**WHAT TO DO:**
Please set down each entry exactly, omitting any picture it holds.

*** RAW DATA Section Begins ***

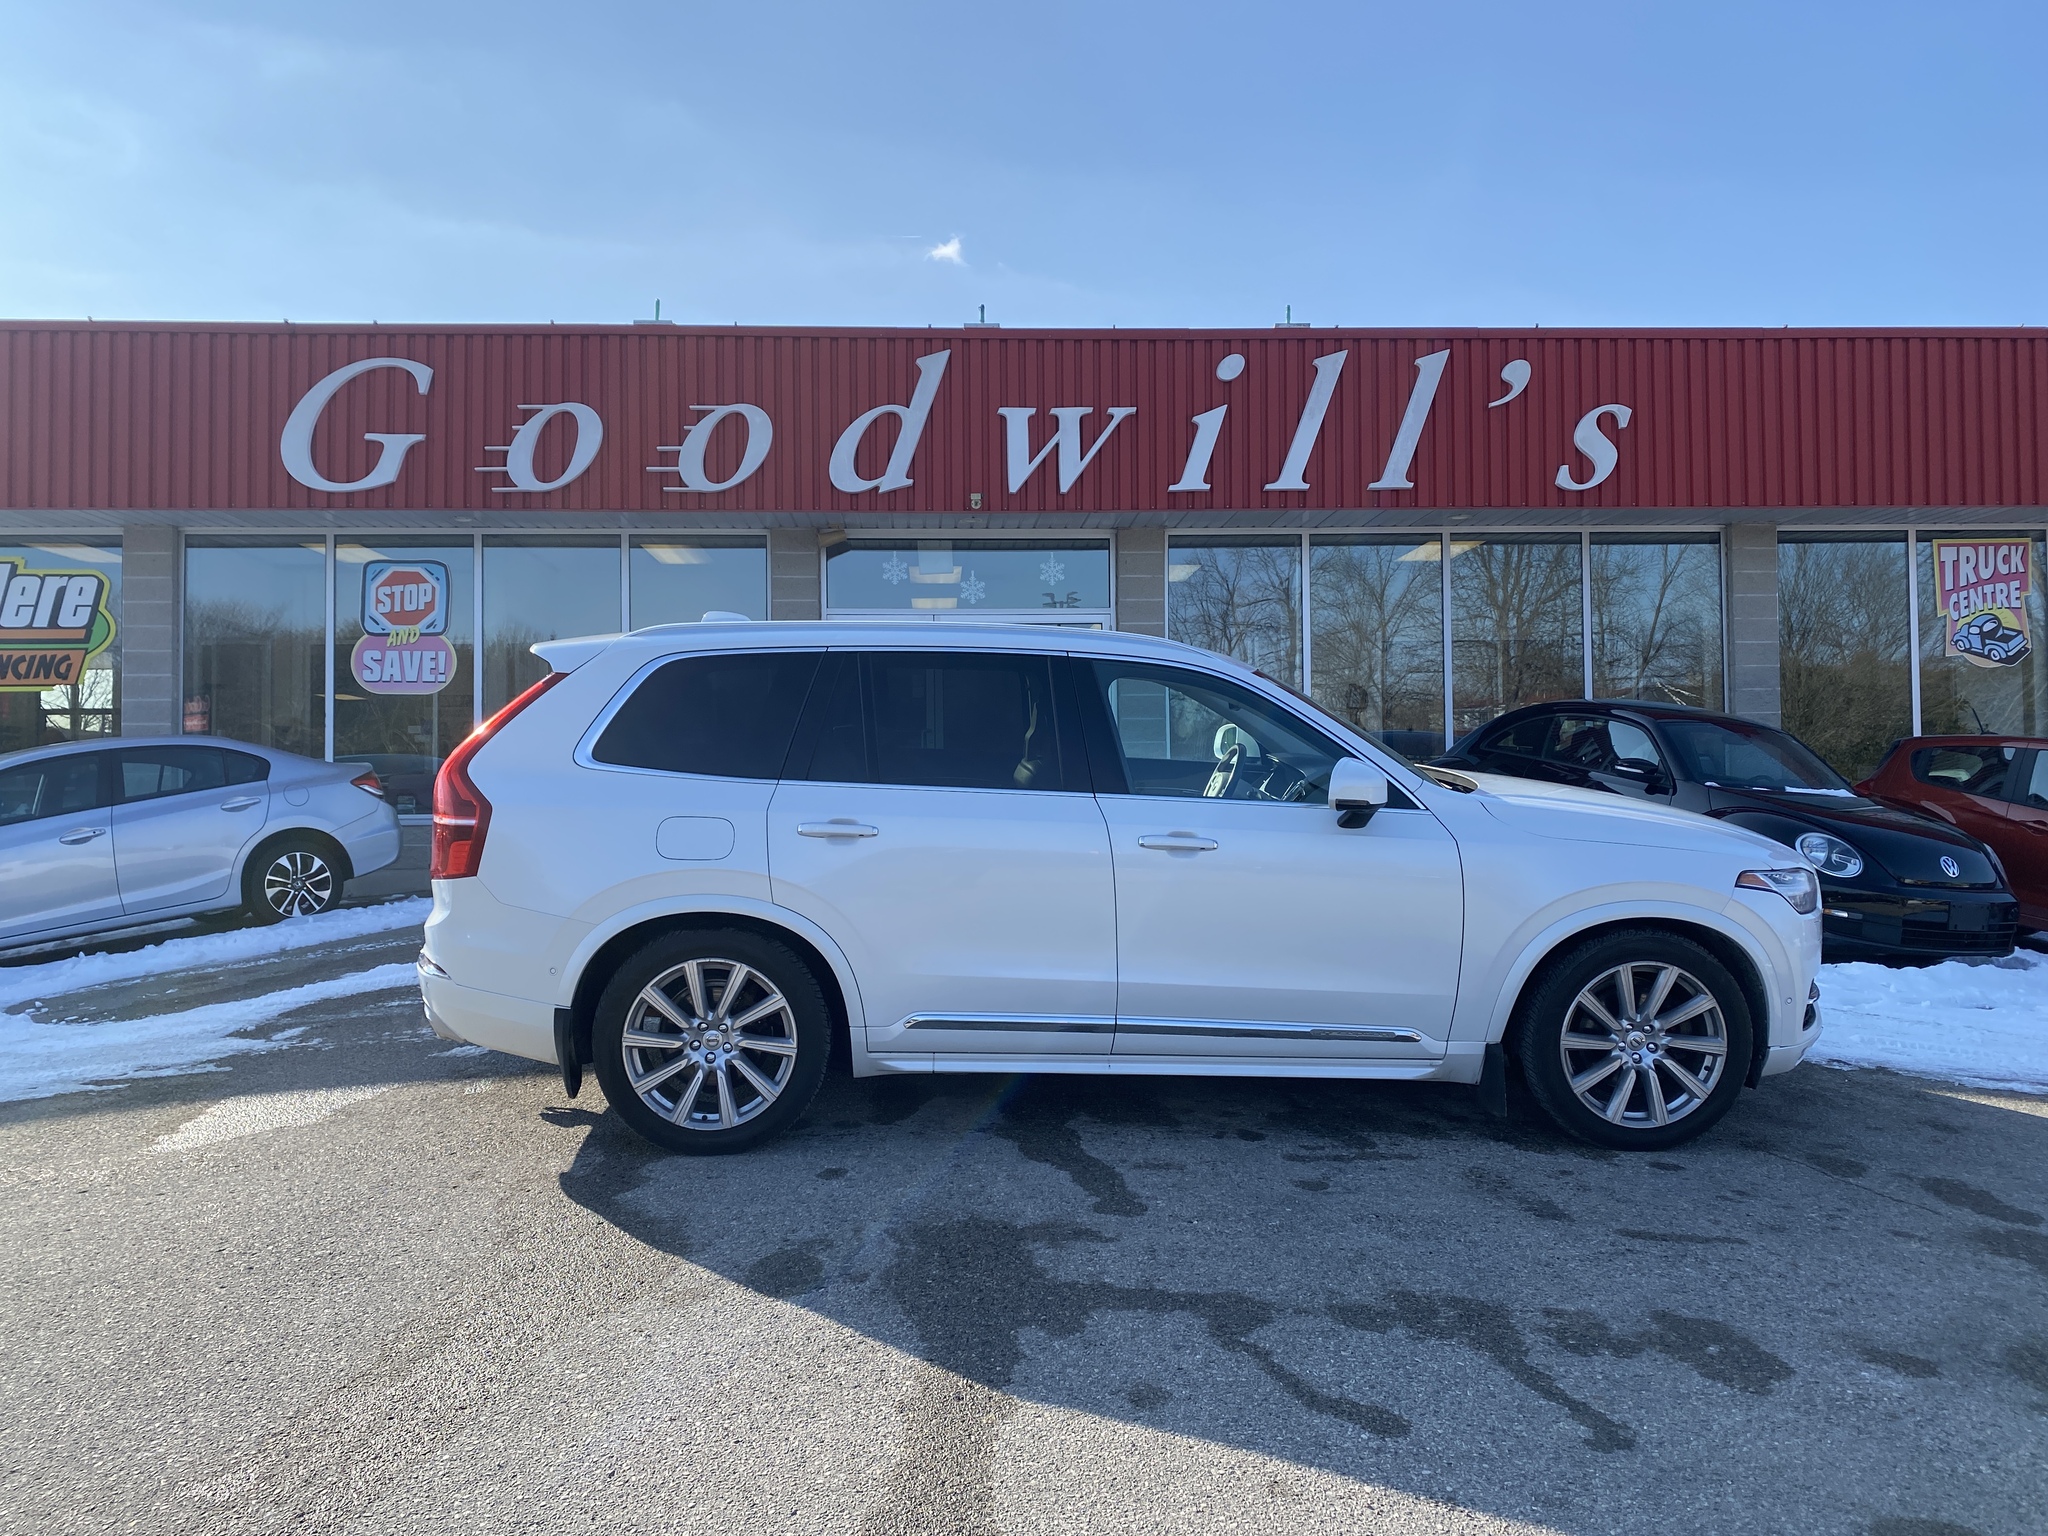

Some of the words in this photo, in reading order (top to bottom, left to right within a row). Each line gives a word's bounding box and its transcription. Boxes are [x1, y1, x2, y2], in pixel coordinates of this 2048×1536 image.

[280, 348, 1632, 494] Goodwill's
[1940, 545, 2025, 591] TRUCK
[377, 583, 433, 614] STOP
[1949, 580, 2022, 621] CENTRE
[386, 627, 421, 647] AND
[362, 650, 447, 683] SAVE!

*** RAW DATA Section Ends ***

**THE ANSWER:**
Some of the words in this photo, in reading order (top to bottom, left to right within a row). Each line gives a word's bounding box and its transcription. Boxes are [x1, y1, x2, y2], in pixel coordinates of this 2048×1536 image.

[280, 348, 1632, 494] Goodwill's
[1940, 545, 2025, 591] TRUCK
[377, 583, 433, 614] STOP
[1949, 580, 2022, 621] CENTRE
[386, 627, 421, 647] AND
[362, 650, 447, 683] SAVE!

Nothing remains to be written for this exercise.